**MATERIAL SUPPLIED**
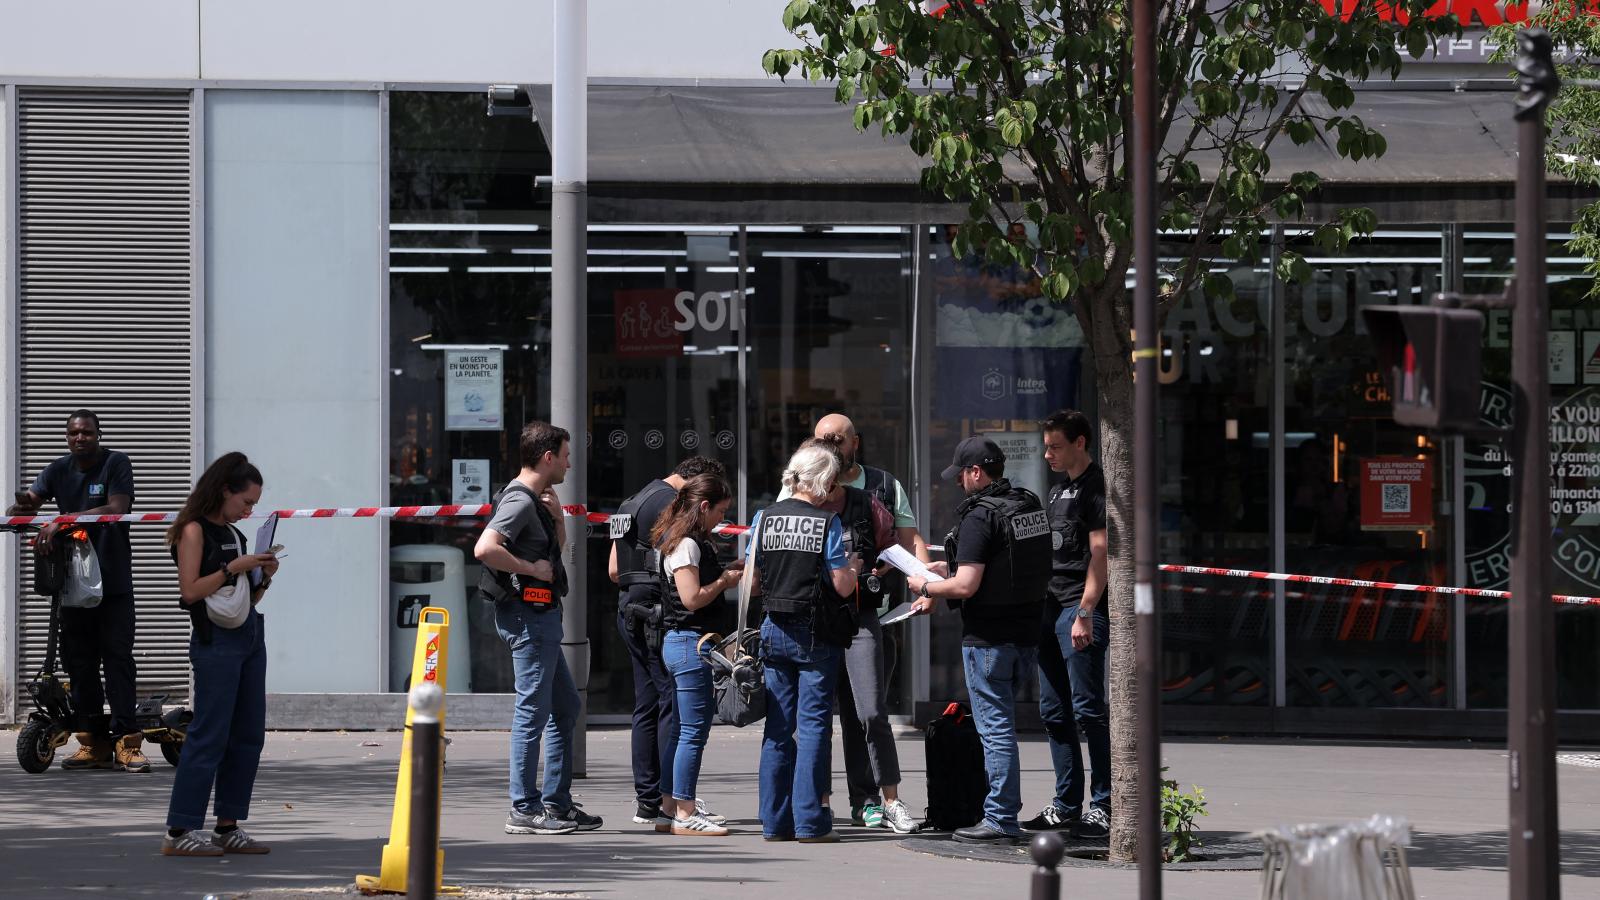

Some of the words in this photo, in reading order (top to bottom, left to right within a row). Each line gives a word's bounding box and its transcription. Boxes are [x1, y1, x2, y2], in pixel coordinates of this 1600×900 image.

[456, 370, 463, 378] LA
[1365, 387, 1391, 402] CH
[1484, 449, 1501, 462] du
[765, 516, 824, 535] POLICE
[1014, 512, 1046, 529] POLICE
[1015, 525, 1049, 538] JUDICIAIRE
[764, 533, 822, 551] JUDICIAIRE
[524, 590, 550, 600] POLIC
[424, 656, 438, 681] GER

**YOUR INSTRUCTIONS**
The expected result is the complete listing above, printed exactly, with no pictures.

**SOLUTION FOR THIS EXERCISE**
Some of the words in this photo, in reading order (top to bottom, left to right within a row). Each line gives a word's bounding box and its transcription. Boxes are [x1, y1, x2, y2], in pixel coordinates of this 1600×900 image.

[456, 370, 463, 378] LA
[1365, 387, 1391, 402] CH
[1484, 449, 1501, 462] du
[765, 516, 824, 535] POLICE
[1014, 512, 1046, 529] POLICE
[1015, 525, 1049, 538] JUDICIAIRE
[764, 533, 822, 551] JUDICIAIRE
[524, 590, 550, 600] POLIC
[424, 656, 438, 681] GER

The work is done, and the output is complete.